Tuesday, January 6, 2009

Fajitas and Naan

First of all I'm going to start out with saying I was so low on energy yesterday that I was completely good for nothing except laying around and watching TV. And I had a lot to do so it was really frustrating. I also have had trouble sleeping the last couple of nights and my legs have been a little achy. I looked in my medicine cabinet and found some iron supplements (Thorne brand - it's the best!) from my last pregnancy. I took one with dinner I noticed how much better I felt immediately so I also took a couple of calcium supplements. Just working out the kinks of this:)

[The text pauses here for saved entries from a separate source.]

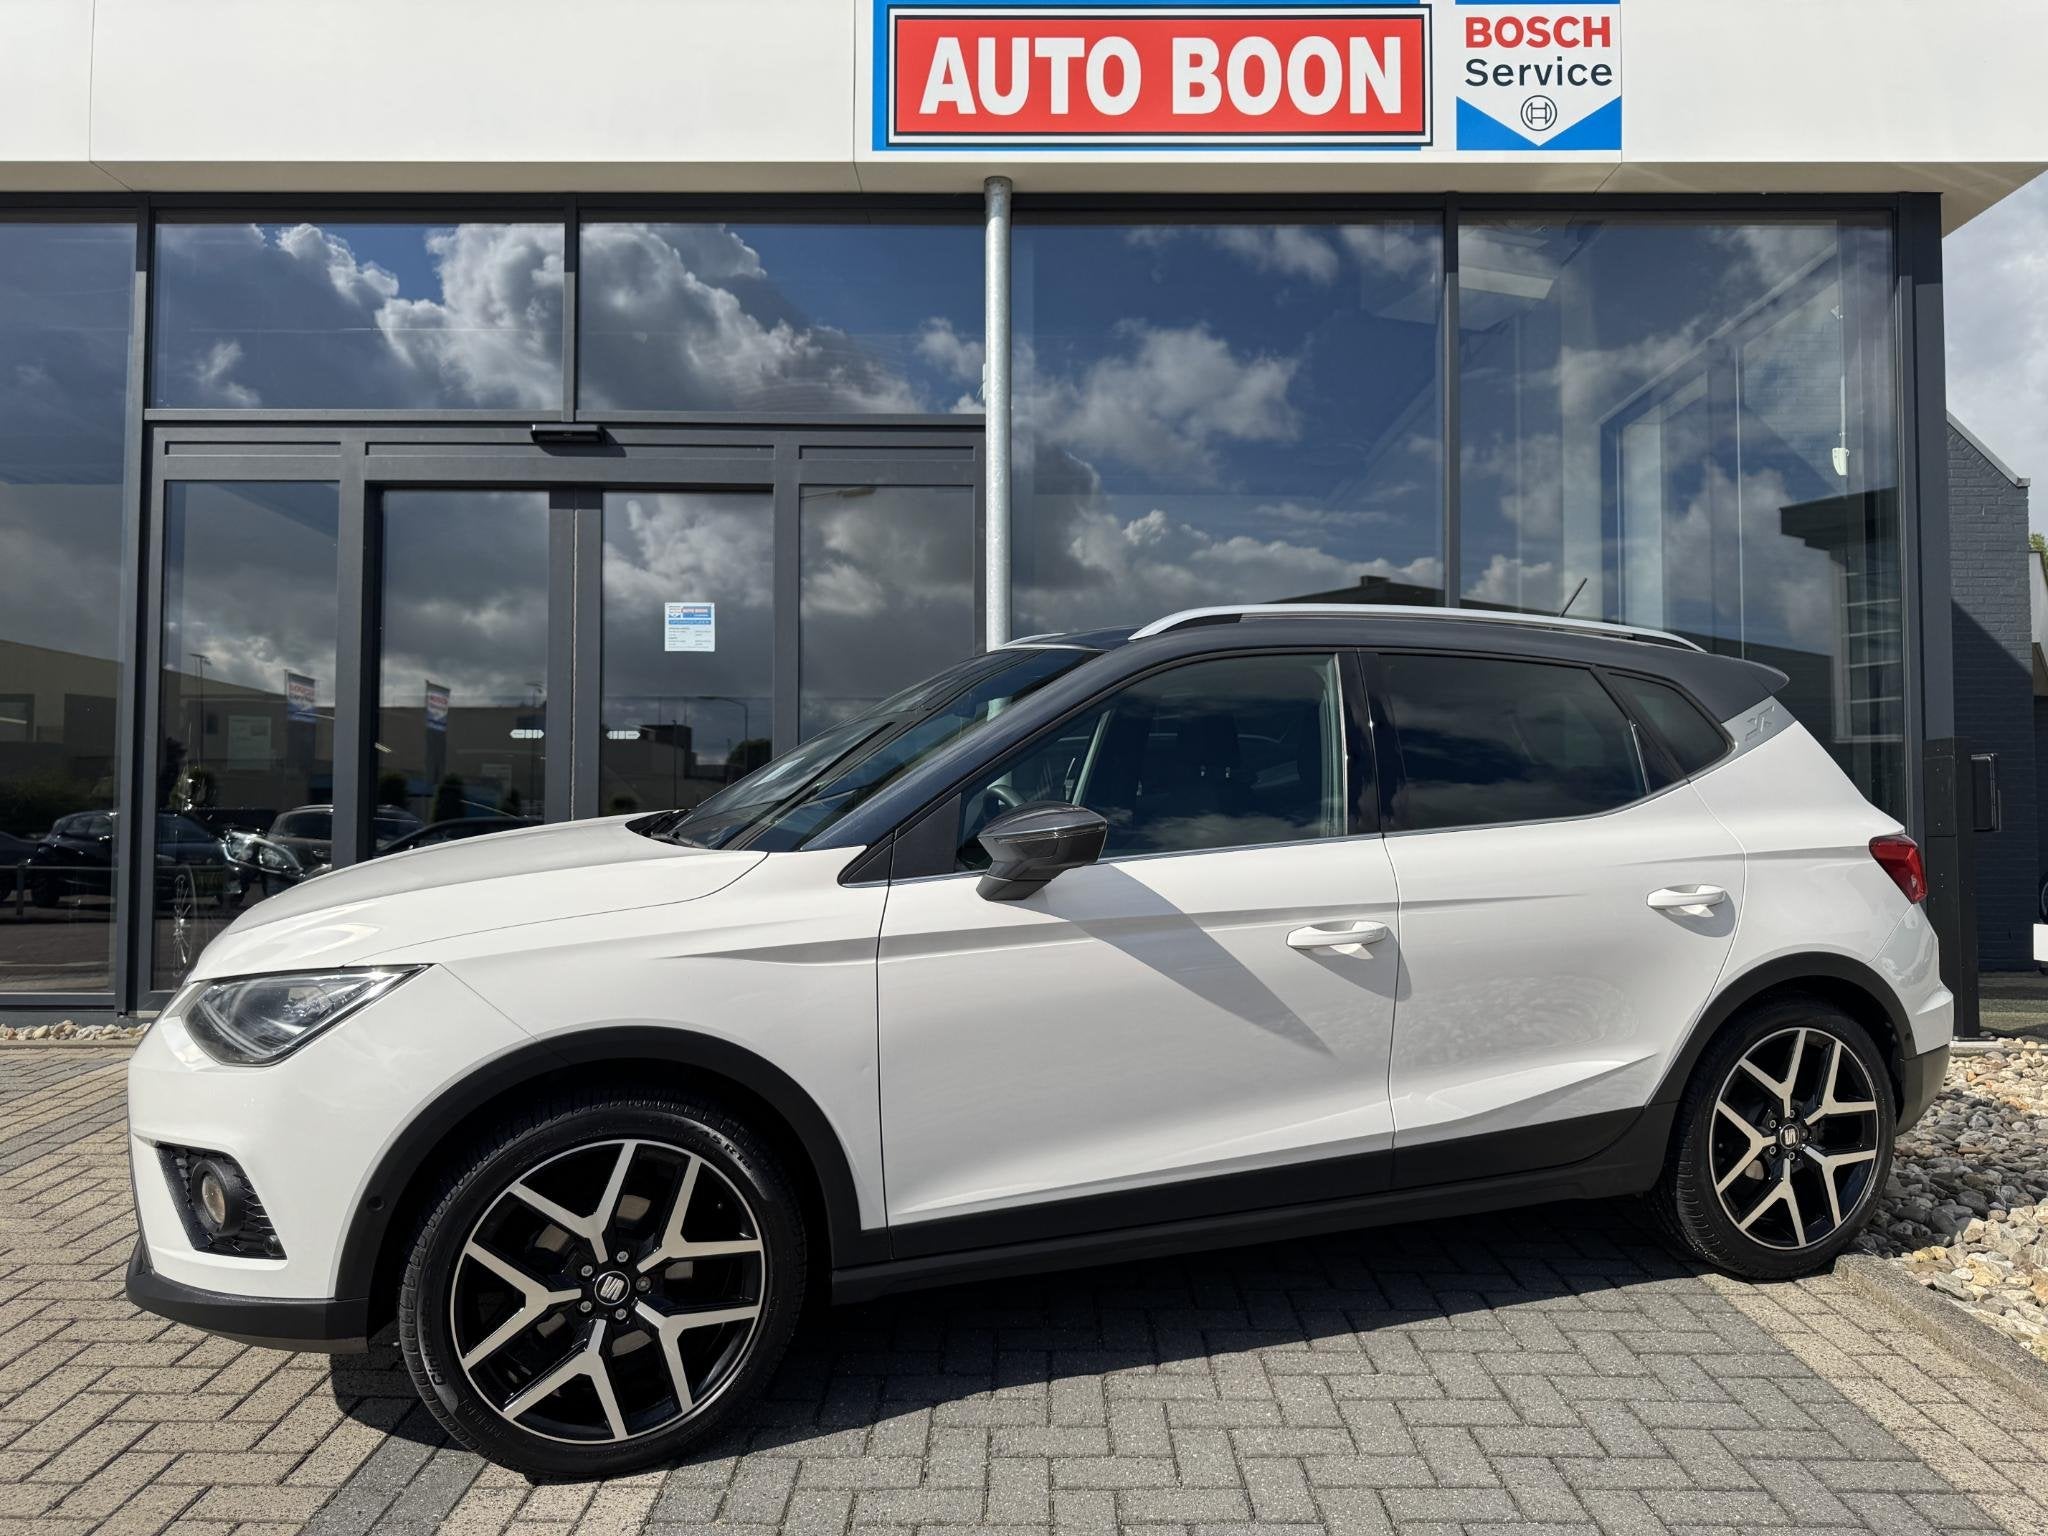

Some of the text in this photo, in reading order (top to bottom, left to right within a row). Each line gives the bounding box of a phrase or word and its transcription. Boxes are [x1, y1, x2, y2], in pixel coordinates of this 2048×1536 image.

[1465, 15, 1611, 49] BOSCH
[920, 35, 1402, 116] AUTO BOON
[1465, 56, 1612, 87] Service
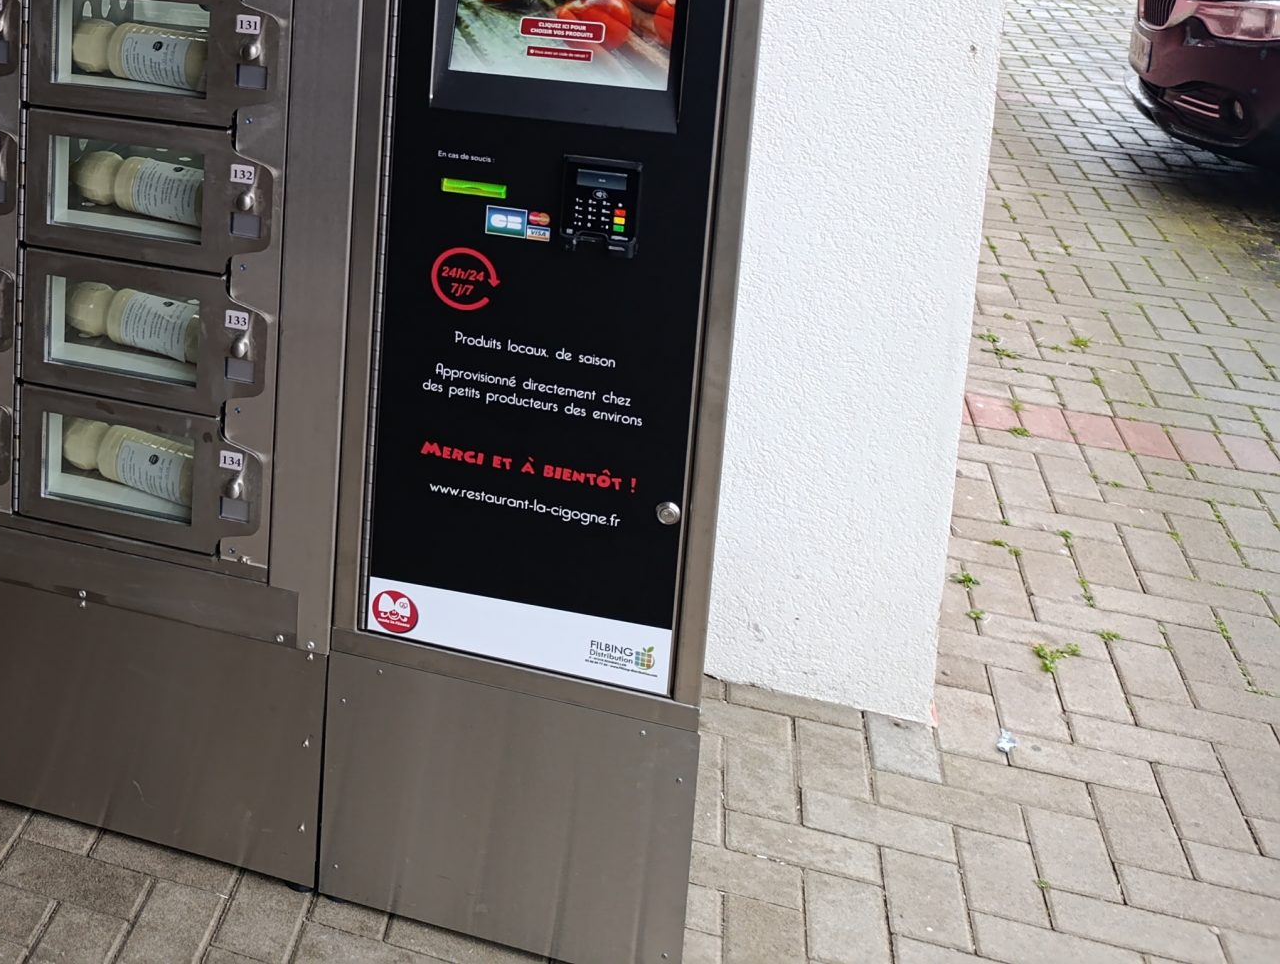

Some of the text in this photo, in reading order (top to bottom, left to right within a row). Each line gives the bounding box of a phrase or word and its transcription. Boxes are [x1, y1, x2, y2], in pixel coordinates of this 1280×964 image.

[238, 19, 258, 31] 131
[566, 30, 594, 38] PRODUITS
[232, 168, 253, 181] 132
[441, 266, 485, 282] 24h/24
[450, 282, 474, 296] 7j/7
[227, 314, 248, 327] 133
[455, 330, 502, 350] Produits
[556, 348, 572, 361] de
[578, 352, 616, 368] saison
[436, 362, 632, 407] Approvisionné directement chez
[422, 379, 643, 427] des petits producteurs des environs
[222, 454, 242, 468] 134
[420, 441, 637, 494] MERCI ET À BIENTÔT !
[429, 482, 621, 528] www.restaurant-la-cigogne.fr
[589, 648, 634, 664] Distribution
[590, 640, 634, 656] FILBING
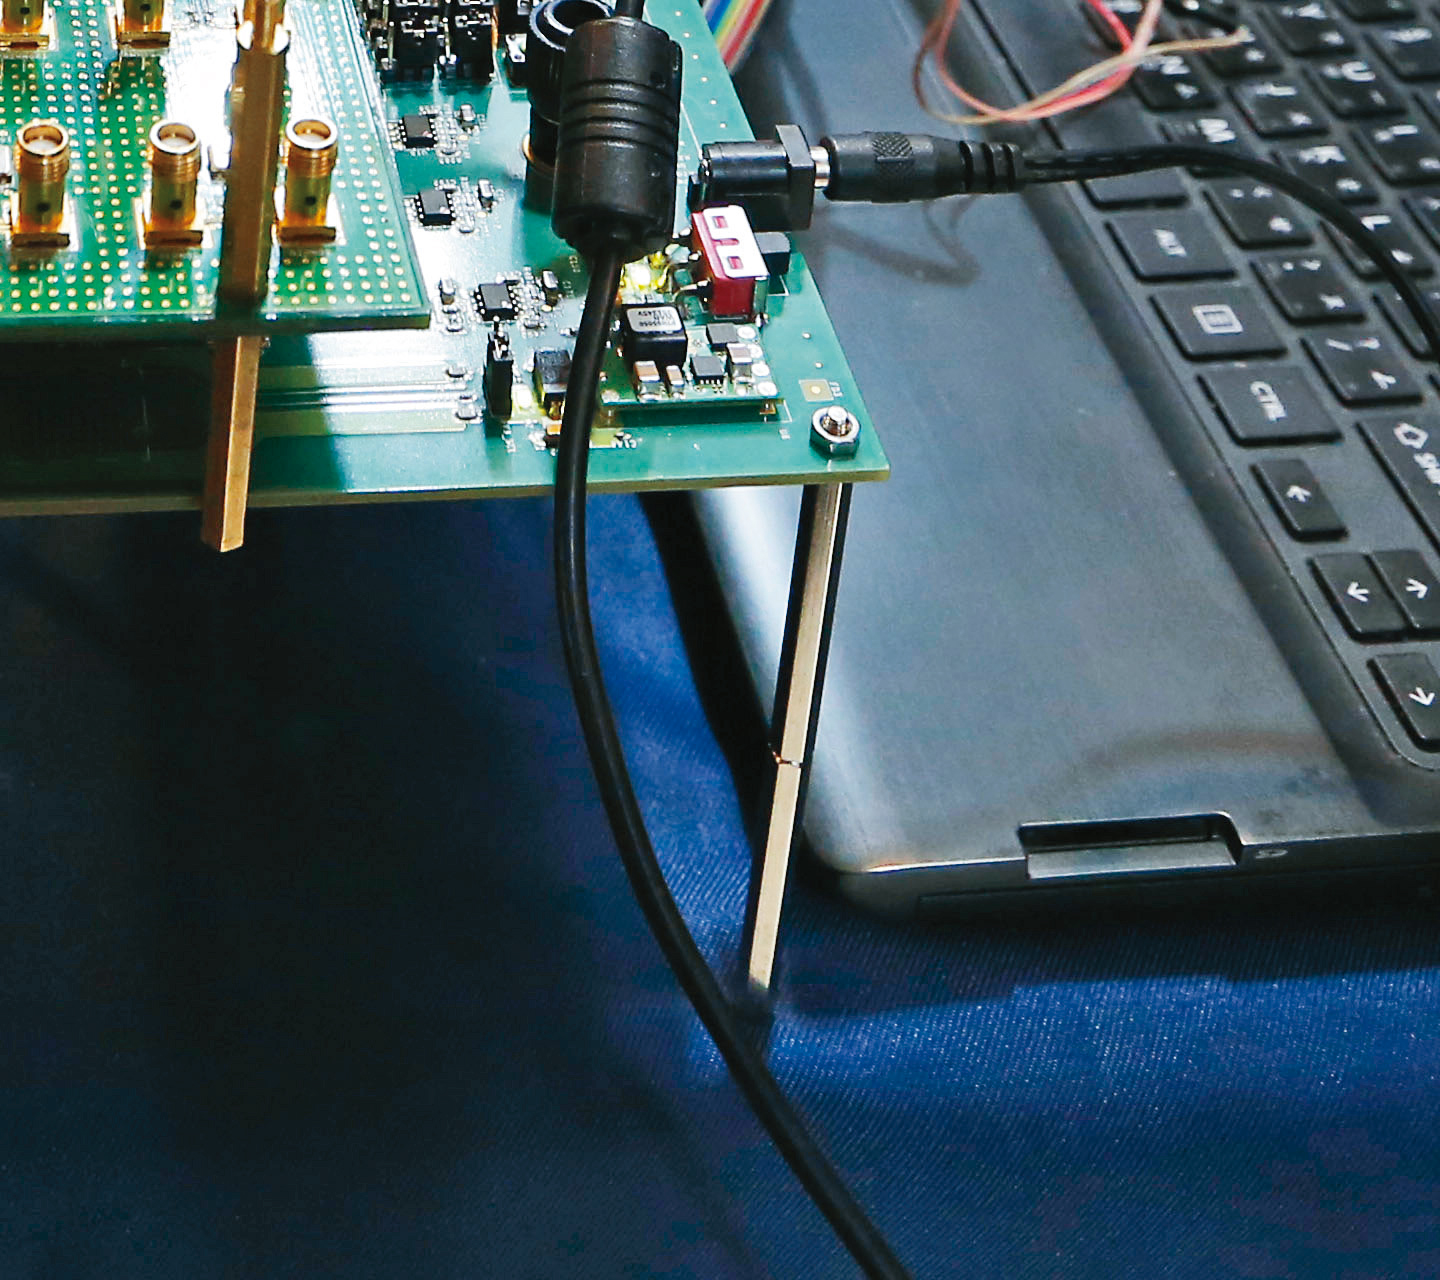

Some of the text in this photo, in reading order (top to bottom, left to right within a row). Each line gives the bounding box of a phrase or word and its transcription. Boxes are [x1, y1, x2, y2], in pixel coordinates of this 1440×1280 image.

[1341, 61, 1376, 82] U
[1197, 118, 1237, 144] M
[1249, 380, 1288, 423] CTRL

Thank you God for providing wisdom to those who seek it!

Veggie Fajitas

Marinade ~
2 Tbls olive oil
1/4 cup red wine vinegar
1/2 tsp oregano
1/2 tsp chili powder
1/2 tsp coriander
1 Tspl honey

Chopped onion
Chopped green pepper
Chopped red pepper
Zucchini cut julienne style
1 cup of frozen corn
1 can or 2 cups of black beans

Cooked rice

Mix together marinade, add veggies, except for corn and let sit in fridge for 30 minutes. Drain veggies, put in pan, add corn and beans and saute on medium heat for 3-5 minutes. Serve on top of rice.

Flat Bread

This is basic Indian Flat Bread or "Naan", but I called it Elijah bread. I remember reading the story about Elijah and the widow who only had enough oil and flour for one more day before her and her son would starve to death. Well, Elijah asks for food and she serves him her last meal. Her oil and flour supernaturally multiplies so that she and her son are sustained through the famine. When I read the story I remember thinking "How can you make bread from only flour and oil?

2 cups whole wheat flour
water (Have about 3 cups on hand)
2 Tbls olive oil
More flour for rolling out
More oil for cooking

*(If I were eating dairy I would use yogurt and milk instead of water because it's supposed to make the bread softer. I also might experiment with spices, although if used as a bread for dipping it's fine as it is.)

Scoop flour into a mixing bowl. Add water and knead in with you hands until dough is smooth and can be formed into a big ball. Knead in oil. Cover with a towel and set aside for 10-15 minutes. Break off pieces and form into balls about the size of golf balls. Sprinkle flour on surface and on balls to keep them from sticking to rolling pin. Roll out to 6 inches in diameter. Heat oil in pan. Cook on medium heat until little bubbles appear. Turn and as you cook the second side press down edges. An air pocket will form and the bread is done when it's puffed up.

My girls enjoyed being truly authentic by using the bread to eat the rice and fajita mixture, but Bill and I cut the bread in half and dipped in hummus. Yummy!